Marissa Dotter, lead AI Engineer at MITRE, and Gianpaolo Russo, principal AI/cyber operations Engineer at MITRE, shared their work with MITRE’s new Offensive Cyber Capability Unified LLM Testing (OCCULT) framework at the pre-Black Hat AI Summit, a one-day event held in Las Vegas on August 5.

The OCCULT framework initiative started in the spring of 2024 and aimed to measure autonomous agent behaviors and evaluate the performance of large language models (LLMs) and AI agents in offensive cyber capabilities.

Speaking to Infosecurity during Black Hat, Dotter and Russo explained that the emergence of LameHug, revealed by a July 2025 report by the National Computer Emergency Response Team of Ukraine (CERT-UA), was a good opportunity to showcase the work their team has been conducting with OCCULT for the past year.

“When we first were making this briefing [for the AI Summit talk], there was no publicly documented example of actual malware integrating LLM capabilities. So, I was a little worried that people would think we were talking sci-fi,” admitted Russo.

“But then, the report about APT28’s LameHug campaign dropped, and that allowed us to show that what we’re evaluating is no longer sci-fi.”

LameHug: A “Primitive” Testbed for Future AI-Powered Attacks

LameHug malware is developed in Python and relies on the application programming interface of Hugging Face, an AI model repository, to interact with Alibaba’s open-weight LLM Qwen2.5-Coder-32B-Instruct.

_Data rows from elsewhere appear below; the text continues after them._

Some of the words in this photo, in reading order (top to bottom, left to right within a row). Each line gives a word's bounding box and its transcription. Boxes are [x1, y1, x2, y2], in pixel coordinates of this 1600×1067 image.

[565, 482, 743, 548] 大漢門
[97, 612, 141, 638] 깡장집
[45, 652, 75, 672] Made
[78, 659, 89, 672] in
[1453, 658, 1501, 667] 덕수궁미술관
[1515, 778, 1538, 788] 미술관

CERT-UA specialists said that a compromised email account was used to disseminate emails containing the malicious software.

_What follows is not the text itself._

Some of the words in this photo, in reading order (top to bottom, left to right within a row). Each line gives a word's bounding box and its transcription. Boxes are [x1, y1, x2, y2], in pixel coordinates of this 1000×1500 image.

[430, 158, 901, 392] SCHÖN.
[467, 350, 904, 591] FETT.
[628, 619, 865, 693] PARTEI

Russo described the operation as “fairly primitive,” emphasizing that instead of embedding malicious payloads or exfiltration logic directly in the malware, LameHug carried only natural language task descriptions.

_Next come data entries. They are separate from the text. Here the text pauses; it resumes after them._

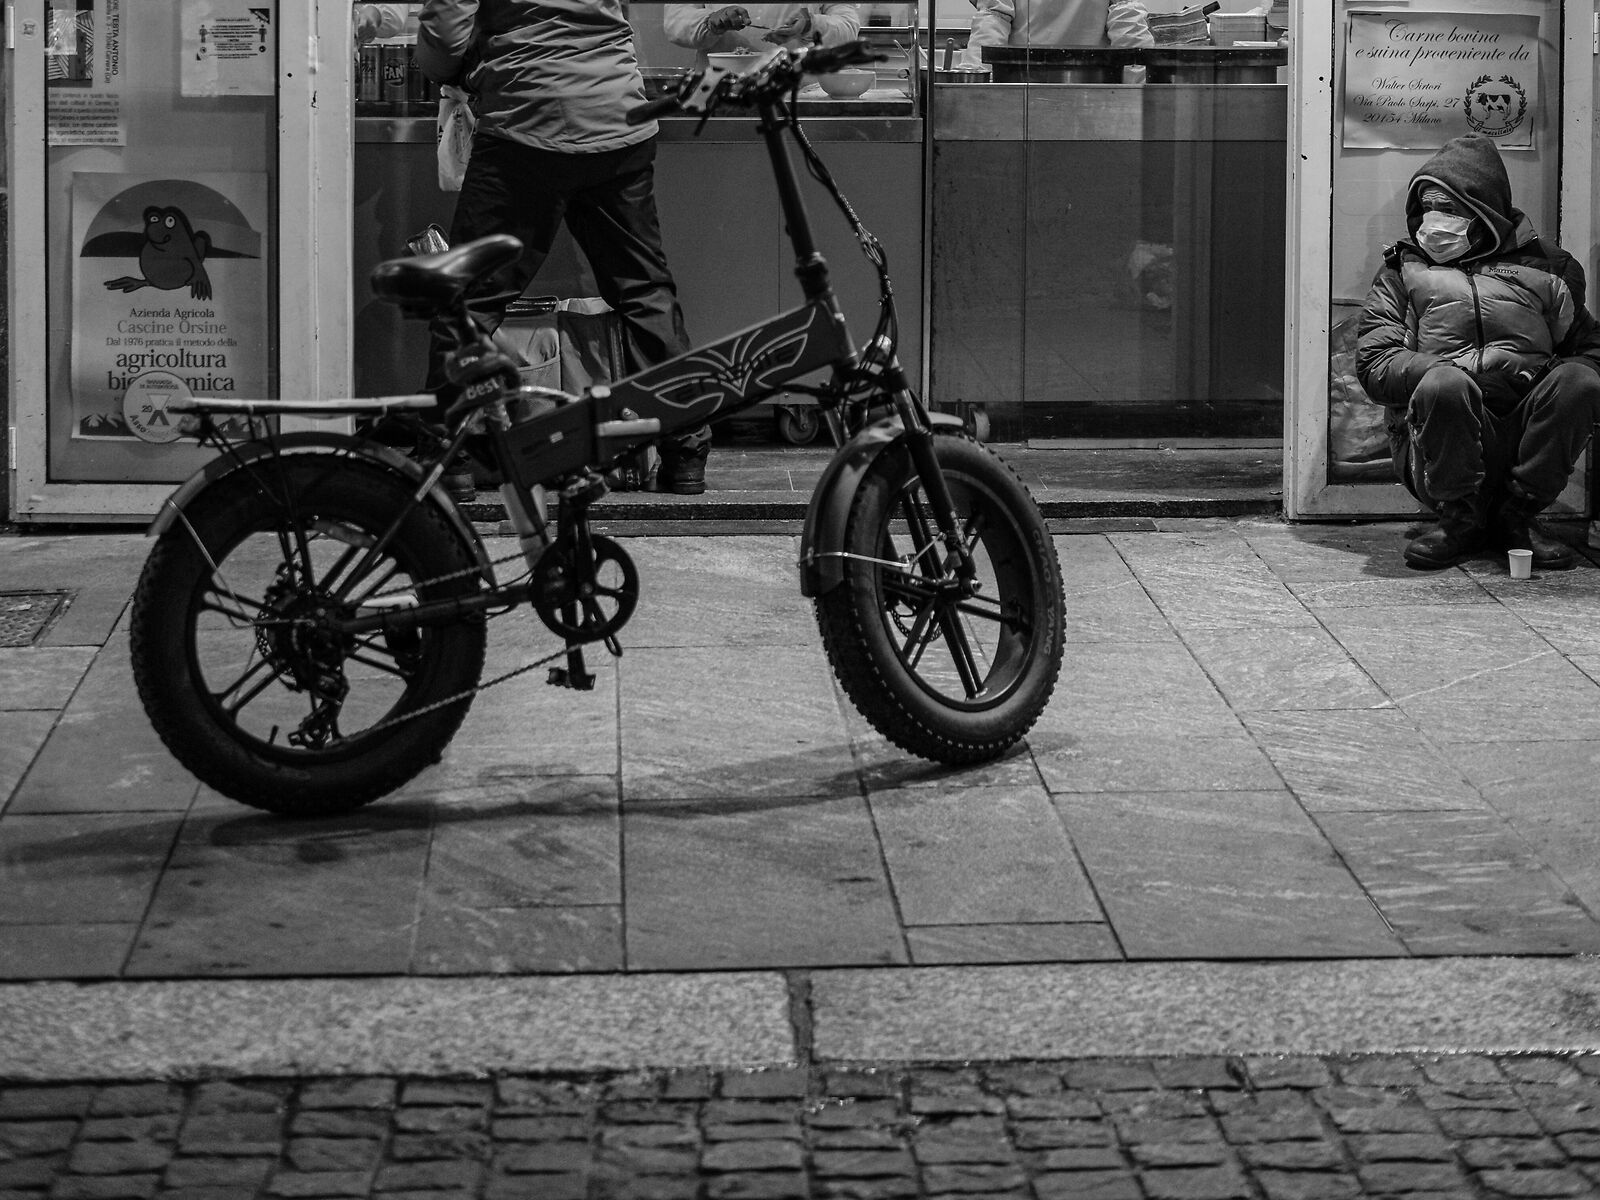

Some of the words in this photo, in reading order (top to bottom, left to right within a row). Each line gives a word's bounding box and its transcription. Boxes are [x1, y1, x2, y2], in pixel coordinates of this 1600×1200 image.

[1384, 18, 1444, 42] Carne
[1448, 26, 1500, 43] bovina
[1355, 48, 1365, 58] e
[1367, 46, 1410, 58] suina
[1409, 46, 1506, 66] proveniente
[1508, 44, 1530, 60] da
[1372, 76, 1406, 90] Walter
[1353, 94, 1374, 106] Via
[1376, 95, 1406, 106] Paolo
[1444, 97, 1460, 108] 27
[1404, 112, 1442, 124] Milano
[1488, 267, 1519, 276] Marmot
[130, 308, 171, 318] Azienda
[174, 308, 215, 321] Agricola
[117, 320, 174, 334] Cascine
[179, 320, 227, 334] Orsine
[217, 338, 238, 348] della
[116, 348, 226, 374] agricoltura

“If you were scanning these binaries, you wouldn’t find any malicious payloads, process injections, exfil logic, etc. Instead, the malware would reach out to an inference provider, in this case, Hugging Face, and have the LLM resolve the natural language tasks into code that it could execute. Then it would have these dynamic commands to execute,” Russo said.

This approach allowed the malware to evade traditional detection techniques, as the actual malicious logic was generated on demand by the LLM, rather than being statically present in the binary.

Russo further noted that there was no “intelligent control” in LameHug. All the control was scripted by the human operators, with the LLM handling only low-level activities.

He characterized the campaign as a pilot or test.

“We can kind of see they’re starting to pilot some of these technologies out in the threat space,” Russo said.

He also pointed out that his team had developed a nearly identical prototype in their lab, underscoring that the techniques used were not particularly sophisticated but represented a significant shift in the threat landscape.